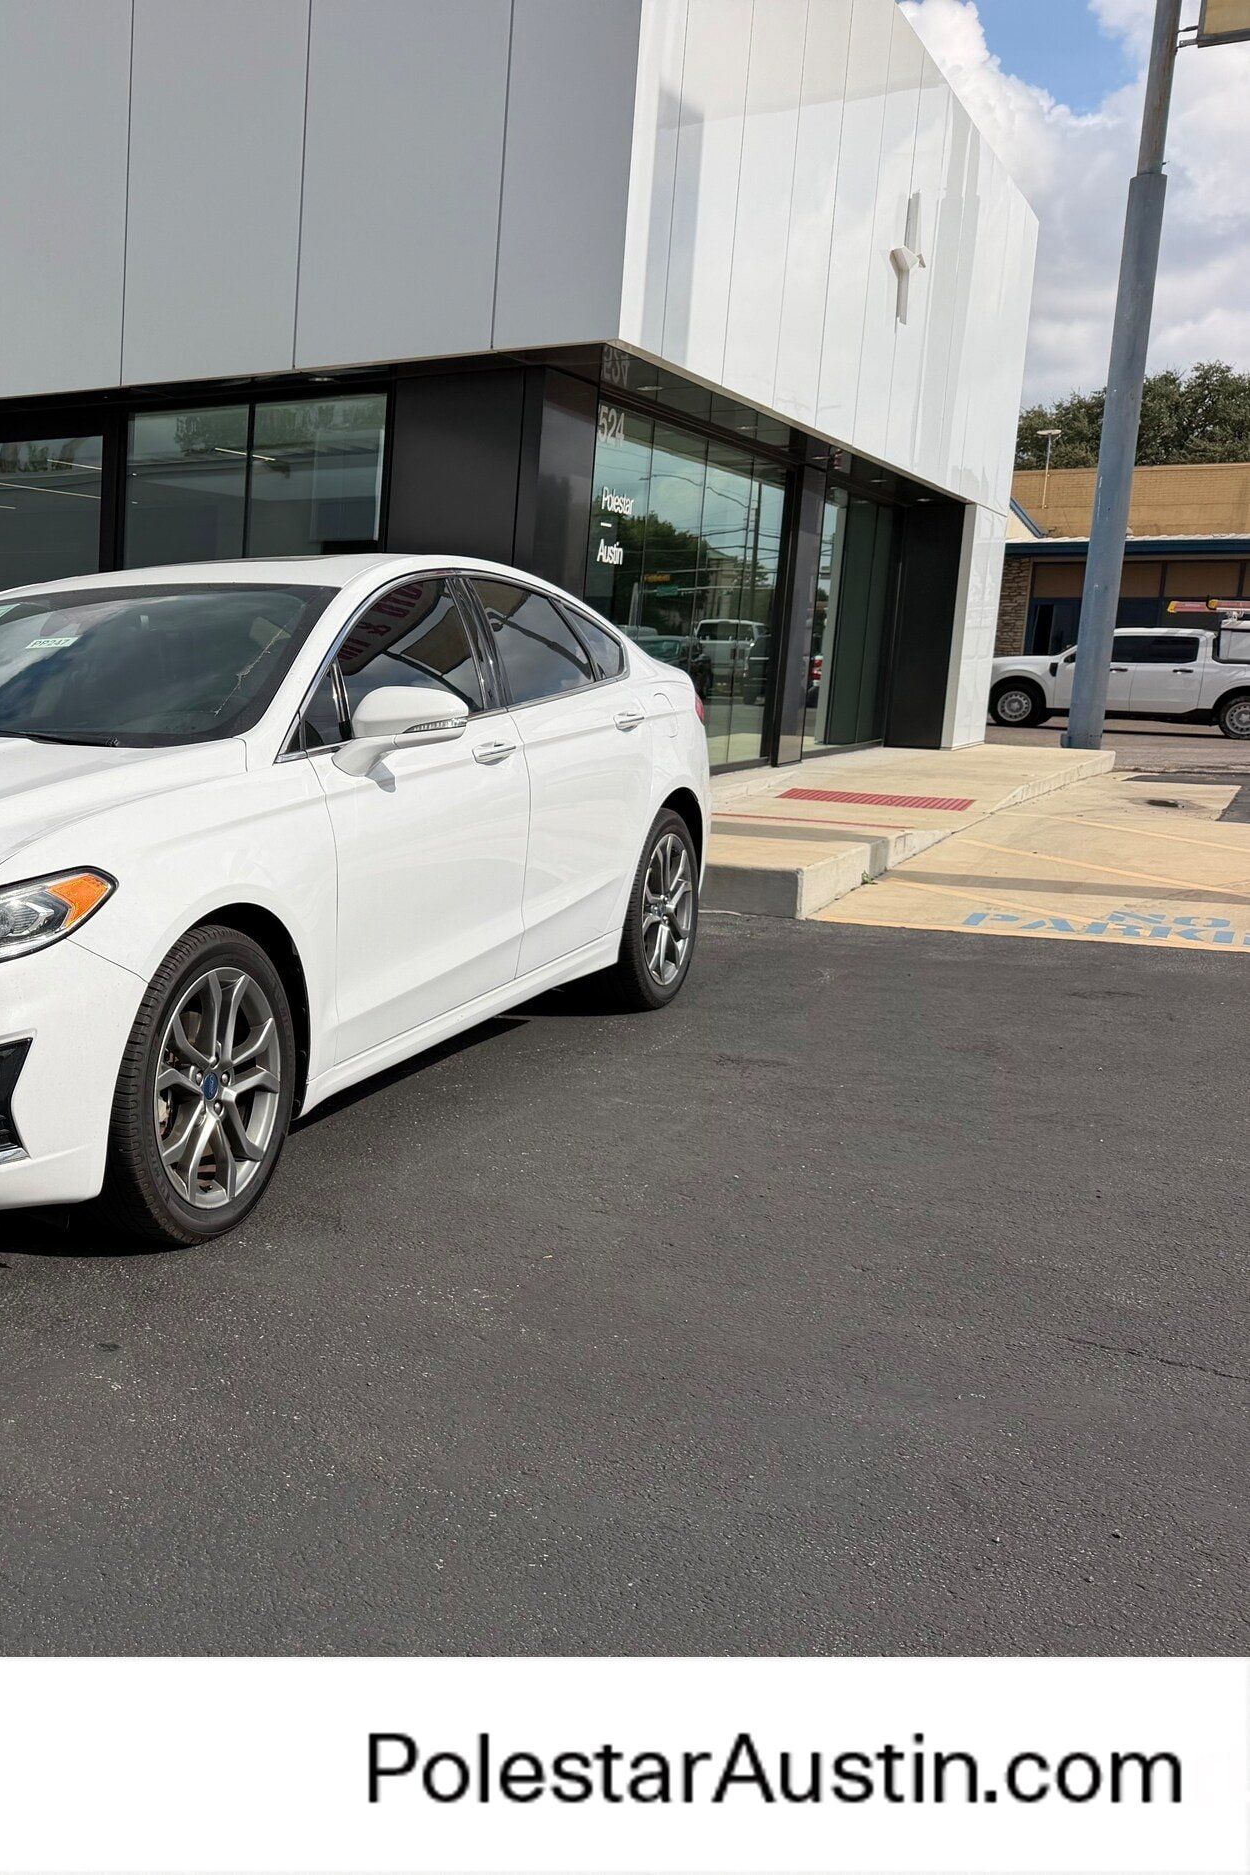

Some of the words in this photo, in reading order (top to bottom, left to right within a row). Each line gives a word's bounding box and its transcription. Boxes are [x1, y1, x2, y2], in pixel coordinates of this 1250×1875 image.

[597, 404, 625, 444] 524
[601, 486, 633, 515] Polestar
[597, 538, 623, 565] Austin
[962, 912, 1250, 947] PARKI
[1108, 911, 1231, 928] NO

(What this task involves)
Where a picture appears in the listing above, skip it and set down all the rest exactly.

(Written response)
Some of the words in this photo, in reading order (top to bottom, left to right within a row). Each line gives a word's bounding box and its transcription. Boxes are [x1, y1, x2, y2], in pixel coordinates of this 1250×1875 image.

[597, 404, 625, 444] 524
[601, 486, 633, 515] Polestar
[597, 538, 623, 565] Austin
[962, 912, 1250, 947] PARKI
[1108, 911, 1231, 928] NO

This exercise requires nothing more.